##### Data for this exercise #####

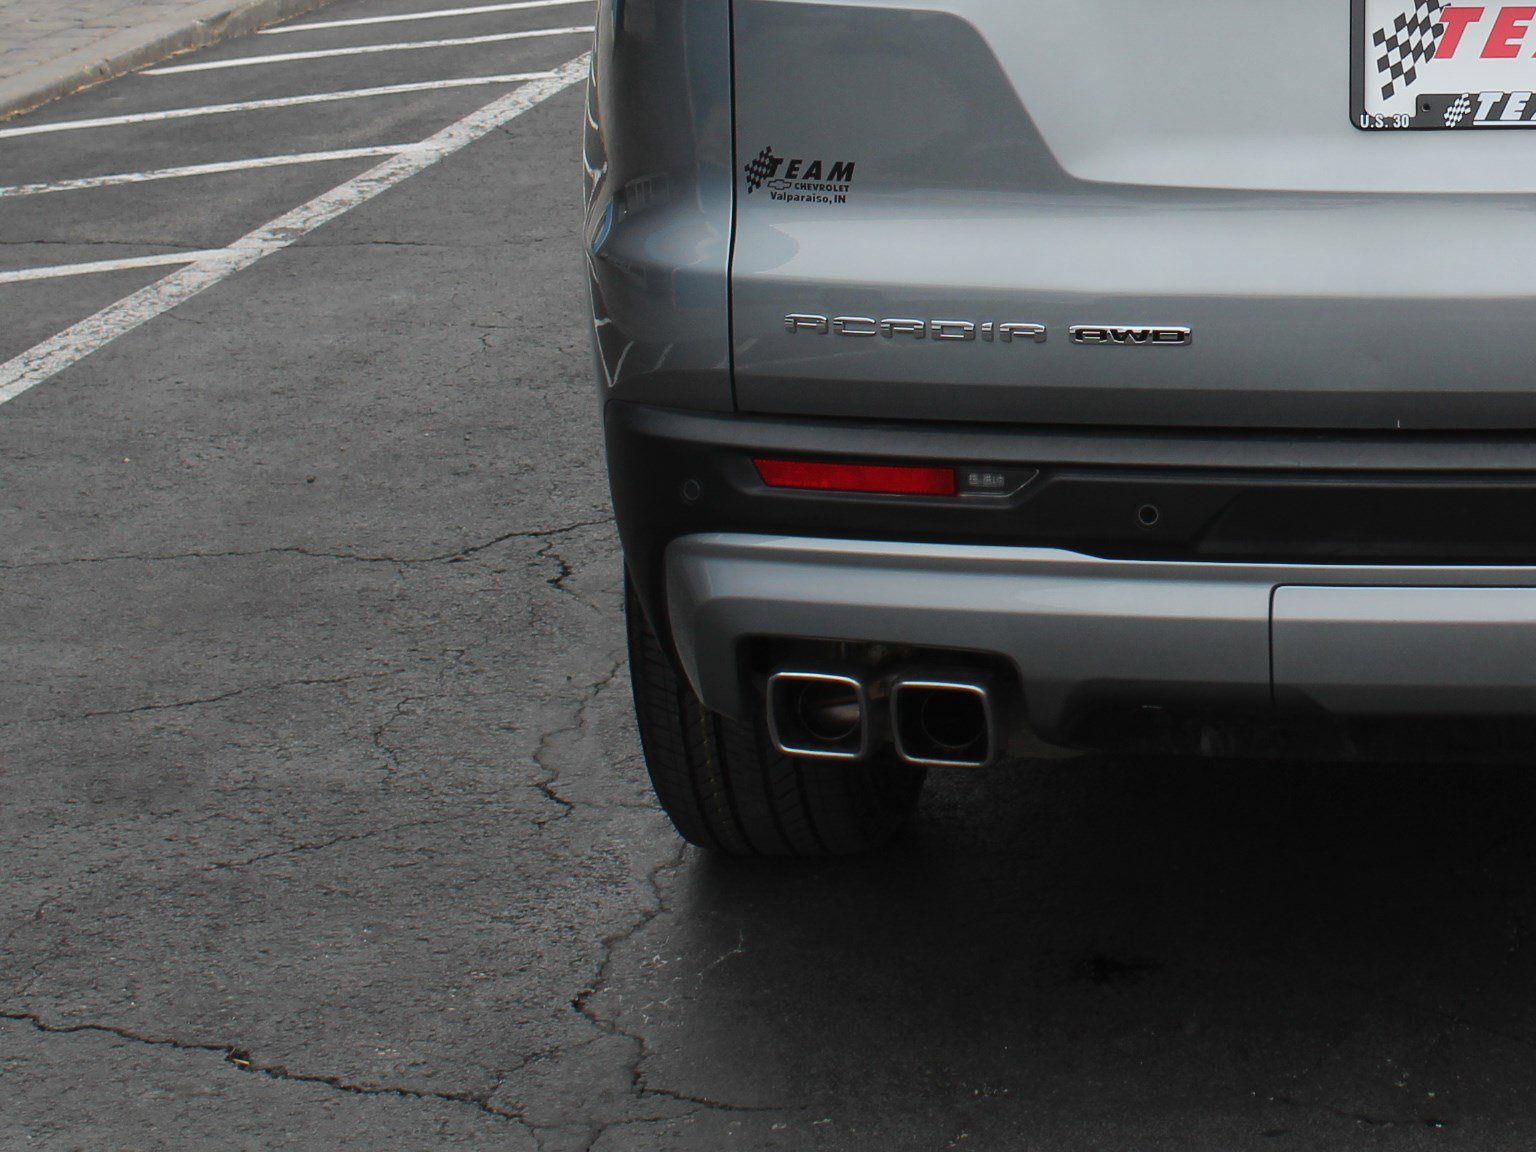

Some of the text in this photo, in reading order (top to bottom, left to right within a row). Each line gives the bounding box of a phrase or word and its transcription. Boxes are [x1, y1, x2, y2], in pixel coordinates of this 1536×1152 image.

[1360, 114, 1410, 129] U.S. 30
[766, 158, 856, 182] TEAM
[794, 182, 850, 193] CHEVROLET
[770, 191, 847, 204] Valparaiso, IN
[784, 313, 1192, 345] ACADIA AWD

#####

Return the data above unchanged. Pictures are not part of the copy.

Some of the text in this photo, in reading order (top to bottom, left to right within a row). Each line gives the bounding box of a phrase or word and its transcription. Boxes are [x1, y1, x2, y2], in pixel coordinates of this 1536×1152 image.

[1360, 114, 1410, 129] U.S. 30
[766, 158, 856, 182] TEAM
[794, 182, 850, 193] CHEVROLET
[770, 191, 847, 204] Valparaiso, IN
[784, 313, 1192, 345] ACADIA AWD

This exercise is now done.